I was able to take a creative approach to changing a process that had been taking three days to complete in the accounting department. By creating a different solution, I was able to reduce the time to process to fifteen minutes. If I had simply focused on being more efficient and effective, I might have made some improvements but not as much as I did by taking a totally different approach.
When you make the risky move of blowing on the dandelions, expressing your creativity, you’re giving the little kid inside the chance to see what else is possible. If you’ve learned to tuck that little kid away, it might take some time to be open to other possibilities. But it can also happen in an instant. All you need is permission to blow it.
Much of what I’ve learned in life has been learned by paying attention to my mistakes.
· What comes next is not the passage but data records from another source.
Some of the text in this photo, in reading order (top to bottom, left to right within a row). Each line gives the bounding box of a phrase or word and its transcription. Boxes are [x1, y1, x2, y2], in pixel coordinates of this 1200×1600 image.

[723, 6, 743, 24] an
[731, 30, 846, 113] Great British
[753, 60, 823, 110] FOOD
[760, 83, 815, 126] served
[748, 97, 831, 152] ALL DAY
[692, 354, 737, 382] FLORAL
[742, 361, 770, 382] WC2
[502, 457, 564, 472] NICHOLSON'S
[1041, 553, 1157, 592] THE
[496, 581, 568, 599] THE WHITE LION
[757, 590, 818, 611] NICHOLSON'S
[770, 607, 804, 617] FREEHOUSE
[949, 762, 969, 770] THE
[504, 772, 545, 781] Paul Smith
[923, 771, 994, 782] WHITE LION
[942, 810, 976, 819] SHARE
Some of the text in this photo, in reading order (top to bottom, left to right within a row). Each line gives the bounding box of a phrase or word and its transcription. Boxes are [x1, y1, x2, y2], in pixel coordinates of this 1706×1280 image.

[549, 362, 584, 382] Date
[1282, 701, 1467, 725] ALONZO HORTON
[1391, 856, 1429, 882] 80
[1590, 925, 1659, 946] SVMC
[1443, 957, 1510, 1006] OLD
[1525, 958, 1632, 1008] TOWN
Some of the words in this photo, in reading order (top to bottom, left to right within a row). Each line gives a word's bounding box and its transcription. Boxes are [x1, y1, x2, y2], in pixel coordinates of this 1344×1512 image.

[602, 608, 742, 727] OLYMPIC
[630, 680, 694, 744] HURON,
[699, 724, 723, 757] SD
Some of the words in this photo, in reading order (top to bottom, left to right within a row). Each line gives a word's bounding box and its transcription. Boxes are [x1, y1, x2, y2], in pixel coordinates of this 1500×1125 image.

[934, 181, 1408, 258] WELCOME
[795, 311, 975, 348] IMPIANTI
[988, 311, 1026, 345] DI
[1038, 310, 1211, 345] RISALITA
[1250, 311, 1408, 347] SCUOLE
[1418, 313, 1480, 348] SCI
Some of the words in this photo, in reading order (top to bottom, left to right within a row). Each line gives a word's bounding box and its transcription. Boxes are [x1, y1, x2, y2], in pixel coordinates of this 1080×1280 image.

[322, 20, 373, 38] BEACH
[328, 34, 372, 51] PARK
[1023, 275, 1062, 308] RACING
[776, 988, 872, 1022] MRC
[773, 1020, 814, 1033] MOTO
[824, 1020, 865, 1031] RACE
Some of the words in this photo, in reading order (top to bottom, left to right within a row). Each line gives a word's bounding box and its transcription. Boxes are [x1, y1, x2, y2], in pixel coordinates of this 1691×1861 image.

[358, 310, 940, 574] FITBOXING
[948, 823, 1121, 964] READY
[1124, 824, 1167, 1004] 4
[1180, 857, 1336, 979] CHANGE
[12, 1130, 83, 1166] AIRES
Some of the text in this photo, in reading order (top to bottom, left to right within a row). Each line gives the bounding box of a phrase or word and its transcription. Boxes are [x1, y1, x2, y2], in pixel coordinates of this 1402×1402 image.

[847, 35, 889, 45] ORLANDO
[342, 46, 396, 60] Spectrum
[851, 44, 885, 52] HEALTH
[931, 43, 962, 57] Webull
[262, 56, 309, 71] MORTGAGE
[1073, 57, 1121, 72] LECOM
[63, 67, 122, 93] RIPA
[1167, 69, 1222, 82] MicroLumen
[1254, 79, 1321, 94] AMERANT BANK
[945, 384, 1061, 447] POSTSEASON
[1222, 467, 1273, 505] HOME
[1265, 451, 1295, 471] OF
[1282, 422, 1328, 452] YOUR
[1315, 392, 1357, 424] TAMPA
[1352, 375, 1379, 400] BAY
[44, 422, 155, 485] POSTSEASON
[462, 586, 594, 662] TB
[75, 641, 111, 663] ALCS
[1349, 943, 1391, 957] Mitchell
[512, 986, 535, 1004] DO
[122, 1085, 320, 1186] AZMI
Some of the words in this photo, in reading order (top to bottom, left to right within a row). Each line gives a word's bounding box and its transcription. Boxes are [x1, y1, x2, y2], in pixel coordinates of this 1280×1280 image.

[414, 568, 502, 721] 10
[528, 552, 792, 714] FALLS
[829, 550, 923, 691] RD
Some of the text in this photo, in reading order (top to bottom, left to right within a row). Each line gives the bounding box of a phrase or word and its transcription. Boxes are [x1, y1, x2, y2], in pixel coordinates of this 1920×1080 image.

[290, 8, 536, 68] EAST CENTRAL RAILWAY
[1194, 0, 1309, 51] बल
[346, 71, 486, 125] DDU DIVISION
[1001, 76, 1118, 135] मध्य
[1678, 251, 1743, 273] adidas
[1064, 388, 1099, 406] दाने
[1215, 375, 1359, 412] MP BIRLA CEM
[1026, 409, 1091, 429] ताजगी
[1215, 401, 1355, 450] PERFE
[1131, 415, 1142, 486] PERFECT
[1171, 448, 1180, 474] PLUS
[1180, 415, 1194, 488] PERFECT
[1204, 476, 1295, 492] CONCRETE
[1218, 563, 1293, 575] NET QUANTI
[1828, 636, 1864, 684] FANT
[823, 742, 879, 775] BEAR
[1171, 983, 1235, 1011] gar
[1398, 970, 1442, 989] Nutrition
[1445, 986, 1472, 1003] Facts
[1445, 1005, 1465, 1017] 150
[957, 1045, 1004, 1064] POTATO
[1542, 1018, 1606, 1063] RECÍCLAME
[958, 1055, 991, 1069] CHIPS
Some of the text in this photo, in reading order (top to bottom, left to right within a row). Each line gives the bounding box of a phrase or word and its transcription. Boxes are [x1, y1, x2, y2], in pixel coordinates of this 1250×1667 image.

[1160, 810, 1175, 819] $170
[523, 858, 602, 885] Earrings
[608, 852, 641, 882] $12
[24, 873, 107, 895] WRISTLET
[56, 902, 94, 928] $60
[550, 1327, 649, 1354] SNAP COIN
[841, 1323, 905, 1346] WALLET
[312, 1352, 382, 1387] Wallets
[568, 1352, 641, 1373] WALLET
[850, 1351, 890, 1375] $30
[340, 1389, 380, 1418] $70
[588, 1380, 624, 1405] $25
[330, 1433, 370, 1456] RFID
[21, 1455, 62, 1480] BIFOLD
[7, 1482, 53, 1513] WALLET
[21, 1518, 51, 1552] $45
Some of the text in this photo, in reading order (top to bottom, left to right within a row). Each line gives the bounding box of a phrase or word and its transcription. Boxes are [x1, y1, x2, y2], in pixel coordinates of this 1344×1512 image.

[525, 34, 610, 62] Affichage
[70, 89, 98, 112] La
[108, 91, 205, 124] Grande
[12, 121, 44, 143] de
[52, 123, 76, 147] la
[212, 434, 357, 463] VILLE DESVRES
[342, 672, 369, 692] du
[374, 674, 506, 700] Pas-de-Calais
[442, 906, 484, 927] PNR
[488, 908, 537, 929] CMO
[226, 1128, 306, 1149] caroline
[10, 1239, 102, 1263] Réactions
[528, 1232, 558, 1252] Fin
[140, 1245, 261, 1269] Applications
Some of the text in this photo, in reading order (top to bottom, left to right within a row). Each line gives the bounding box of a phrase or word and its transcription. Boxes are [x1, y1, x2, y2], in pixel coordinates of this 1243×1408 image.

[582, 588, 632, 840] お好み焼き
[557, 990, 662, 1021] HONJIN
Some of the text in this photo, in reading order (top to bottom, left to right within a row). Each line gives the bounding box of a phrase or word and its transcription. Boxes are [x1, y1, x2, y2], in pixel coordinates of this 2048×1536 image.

Instead of looking at mistakes as errors and bad, I’ve learned to see them as another way of learning. Sometimes those other ways turn out to be prize rose bushes, i.e. great discoveries. Other times they’re dandelions that need to be removed.
We tend to be uncomfortable with mistakes. We alI want to know the rose bushes from the dandelions from the start. If we were perfectly efficient and effective, we would know from the beginning which were the dandelions and which were the rose bushes. We would have perfect foresight. Creativity doesn’t work like that. And as we learn from mistakes, we also often learn more from trial and error.
My father-in-law told me of a neighbor farmer of his family while he was growing up. Bob’s (my father-in-law) told me that his father, who was a trained chemist with a masters degree, would see his neighbor trying to solve a problem on his farm. Ted (Bob’s father) would spend the day figuring out how to solve the problem. The neighbor farmer, on the other hand, would go out and face the problem head on. He’d try this thing and that thing in order to solve the problem. Inevitably, he’d solve the problem more quickly than Ted would. Maybe not as elegantly, but the problem was solved and he could move onto other things.
I’ve spent so much time trying to find the perfect solution to what I’m doing. I am almost positive if I’d simply gone out and tried like the neighbor farmer I would have found the solution sooner.
I like what David Kelley, of Ideo, says, “Fail faster. Succeed sooner.”
To finish Scott Adams’s quote, “Art is knowing which [mistakes] to keep.” Keep creating. Keep allowing for the roses, and the dandelions, to appear.